By what measure?

“Would we be here, having this discussion, if someone hadn’t told you that healthy churches must be large and/or growing?”

I was the new conference minister of Illinois Mennonite Conference (MC USA). I was sitting with a small church’s leadership team who asked me to help them discern if they should close.

As we talked, it seemed to me like this group of leaders, and the church as a whole, enjoyed being together. They had healthy relationships rooted in mutual love and expressed in mutual aid. They had a common mission, providing gently used clothing to people in their small city.

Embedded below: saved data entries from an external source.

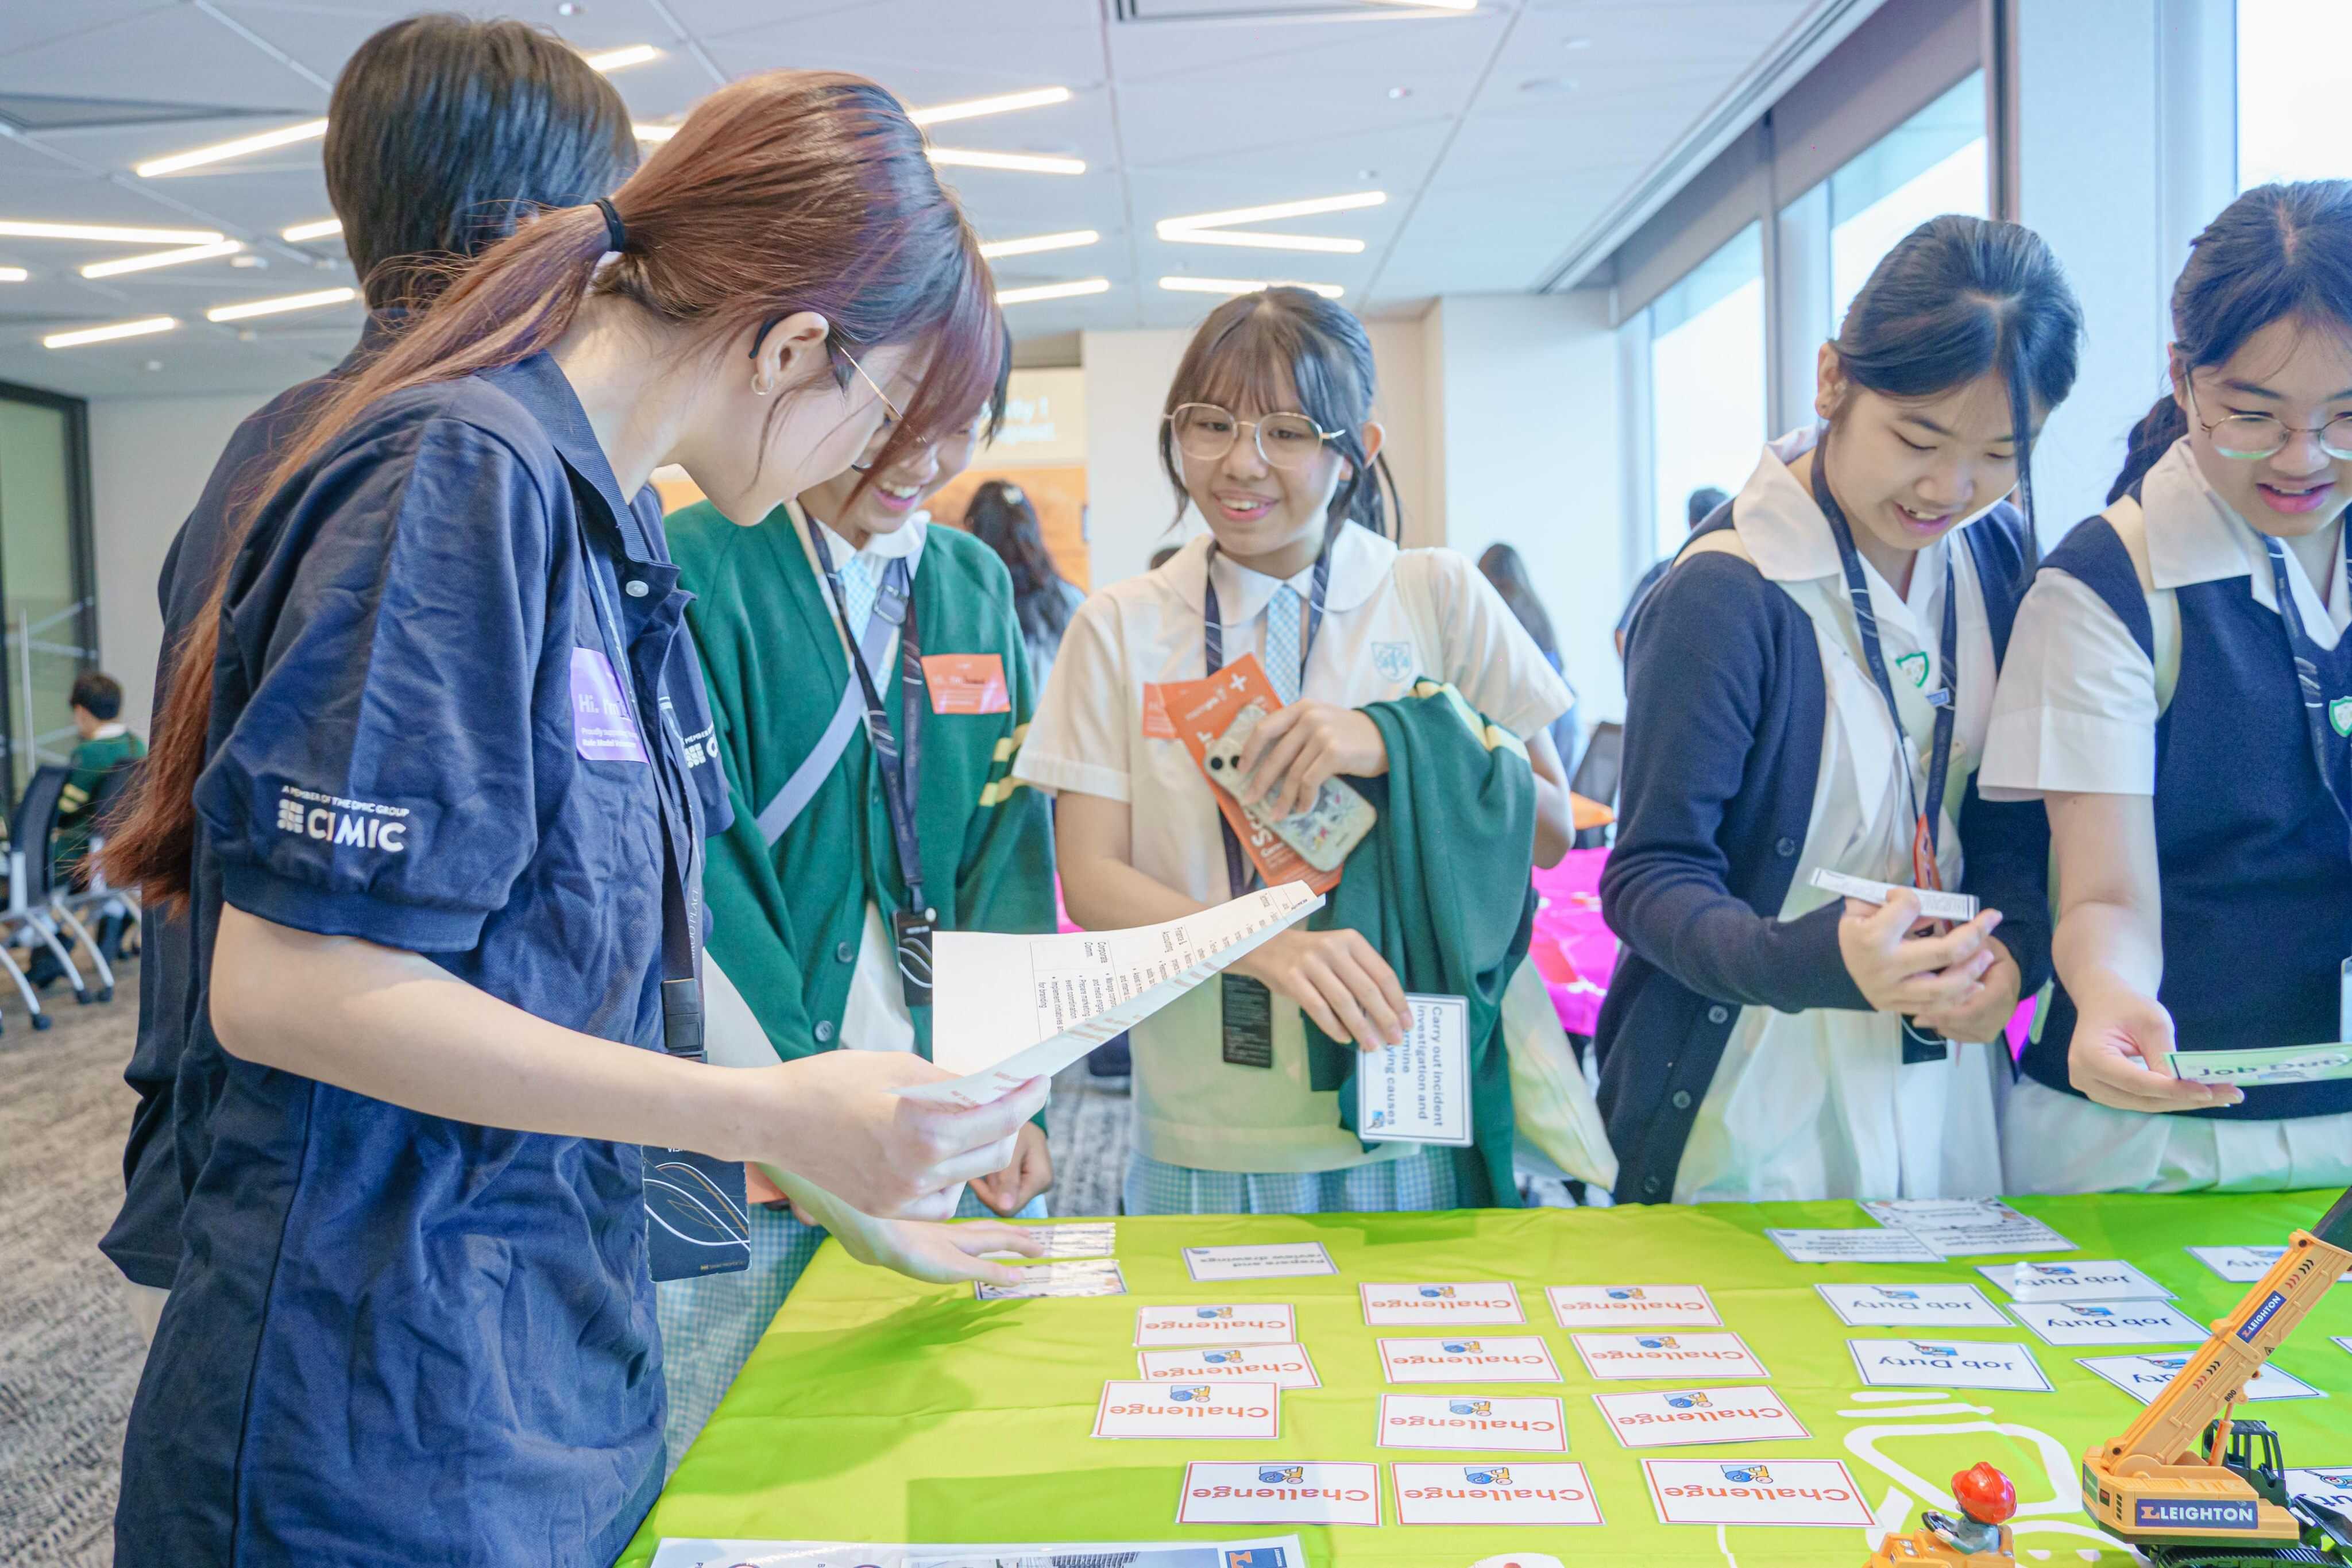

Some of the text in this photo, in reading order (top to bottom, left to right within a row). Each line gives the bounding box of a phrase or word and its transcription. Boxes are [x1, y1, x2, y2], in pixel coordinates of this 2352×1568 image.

[375, 805, 410, 817] GROUP
[307, 808, 407, 853] CIMIC
[689, 889, 699, 924] PLACE
[1097, 942, 1108, 963] Corporate
[1038, 989, 1048, 1009] branding
[1065, 980, 1078, 1019] event coordination
[1078, 979, 1091, 1017] Prepare marketing
[1415, 1005, 1428, 1120] investigation and
[1431, 1006, 1444, 1127] Carry out incident
[2199, 1067, 2257, 1076] Job
[1387, 1077, 1396, 1126] causes
[2227, 1258, 2279, 1268] uty
[2014, 1275, 2131, 1287] Job Duty
[1373, 1300, 1511, 1310] Challenge
[1561, 1301, 1704, 1311] Challenge
[1853, 1299, 1973, 1310] Job Duty
[2247, 1295, 2282, 1331] LEIGHTON
[1147, 1321, 1286, 1329] Challenge
[2048, 1317, 2172, 1328] Job Duty
[1393, 1353, 1547, 1365] Challenge
[1593, 1350, 1748, 1360] Challenge
[1878, 1356, 2014, 1371] Job Duty
[1153, 1364, 1303, 1377] Challenge
[2133, 1372, 2176, 1384] uty
[2224, 1389, 2237, 1402] 800
[1110, 1404, 1269, 1418] Challenge
[1618, 1407, 1785, 1426] Challenge
[1392, 1418, 1554, 1431] Challenge
[1194, 1487, 1369, 1501] Challenge
[1406, 1489, 1584, 1501] Challenge
[1666, 1485, 1850, 1501] Challenge
[2160, 1505, 2254, 1522] LEIGHTON

They were small, that is true. They had not welcomed a new member in quite some time. Their kids had grown up and, mostly, moved away. They wondered about their future. But that wasn’t what was causing them to consider closing.

They didn’t know if what they were doing was valuable if it was primarily “just for them.”

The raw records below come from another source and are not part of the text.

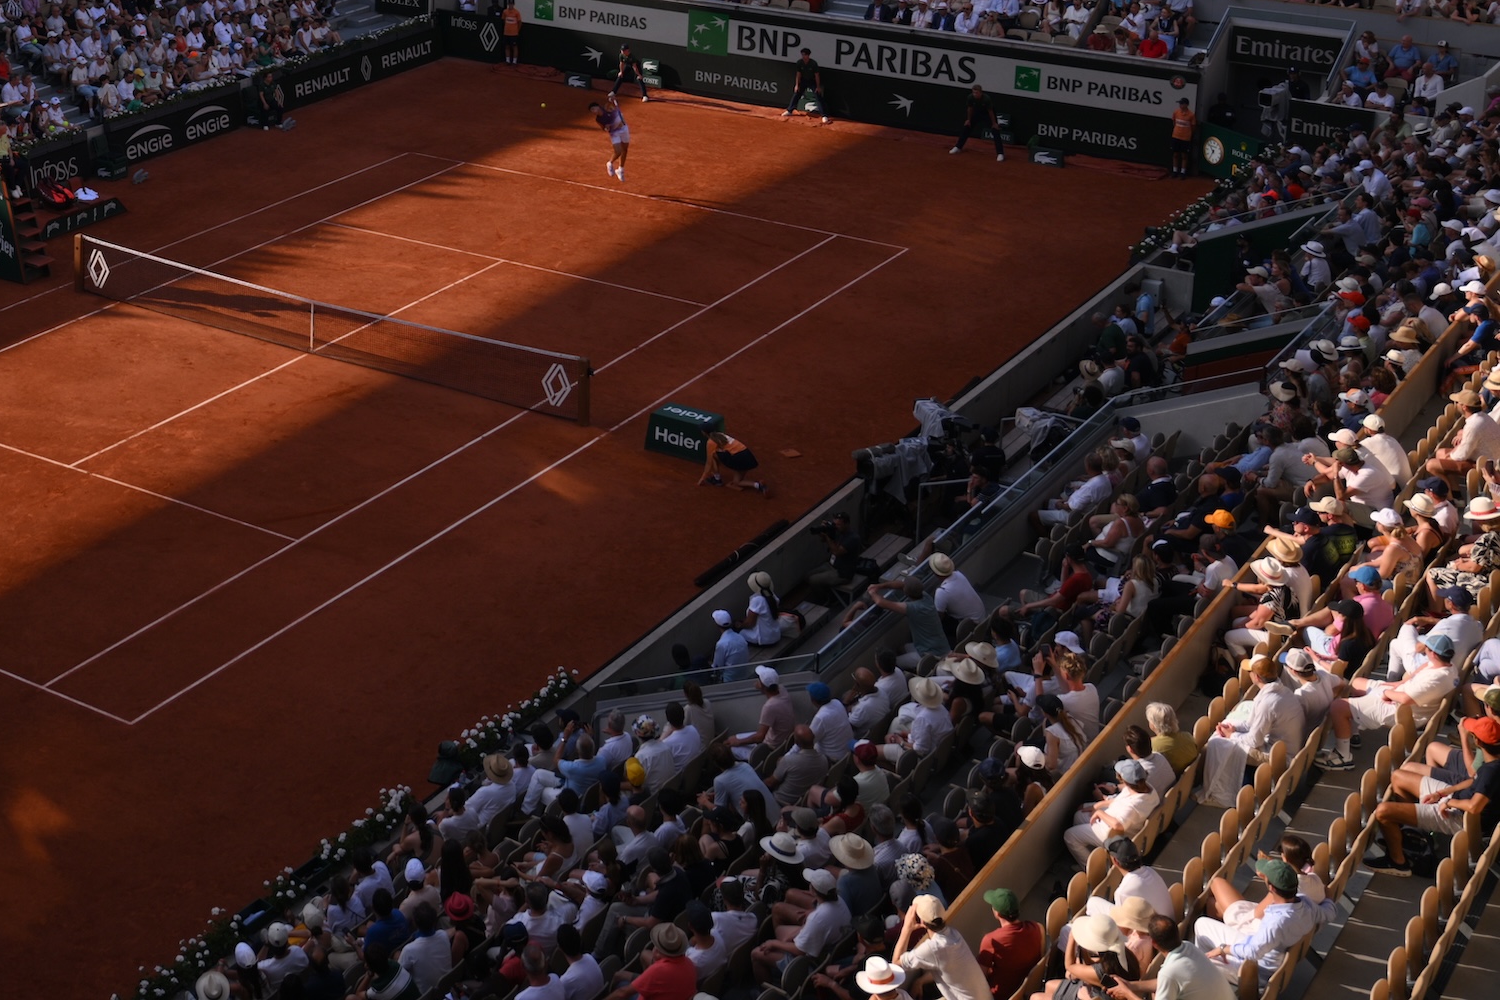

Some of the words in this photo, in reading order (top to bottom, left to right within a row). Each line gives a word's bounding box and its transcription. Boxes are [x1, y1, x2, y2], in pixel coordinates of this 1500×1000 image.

[451, 15, 478, 31] Infosys
[558, 6, 586, 20] BNP
[590, 10, 647, 30] PARIBAS
[382, 40, 432, 69] RENAULT
[737, 25, 801, 58] BNP
[835, 39, 977, 85] PARIBAS
[1236, 35, 1336, 65] Emirates
[295, 67, 350, 98] RENAULT
[643, 76, 659, 85] COSTE
[695, 70, 721, 84] BNP
[724, 74, 778, 94] PARIBAS
[1046, 75, 1083, 94] BNP
[1087, 80, 1163, 106] PARIBAS
[1037, 123, 1069, 139] BNP
[1072, 128, 1138, 150] PARIBAS
[663, 406, 713, 422] Haier
[654, 425, 701, 451] Haier

They had internalized a particular metric that told them the most important measure of a church’s health was their size and their trajectory – are they big and/or getting bigger. This metric was so powerful that they didn’t stop to take notice of all the great stuff that was happening in their midst.

Bigger is better and “biggering” is better still is a terrible measure of a church’s health and value. I prefer shared lives, shared resources, radical hospitality, open invitation, loving God and loving your neighbor as yourself – all the stuff Jesus’ taught and modeled.

As I write this, the world is in the middle of the COVID19 pandemic. All the measures of “health” rooted in large gatherings within big buildings have given way to simpler measures rooted in human connection. I submit that what is important now is what has been important all along.

As a pastor and leader, how do you measure your congregations health and value? Do you really believe that?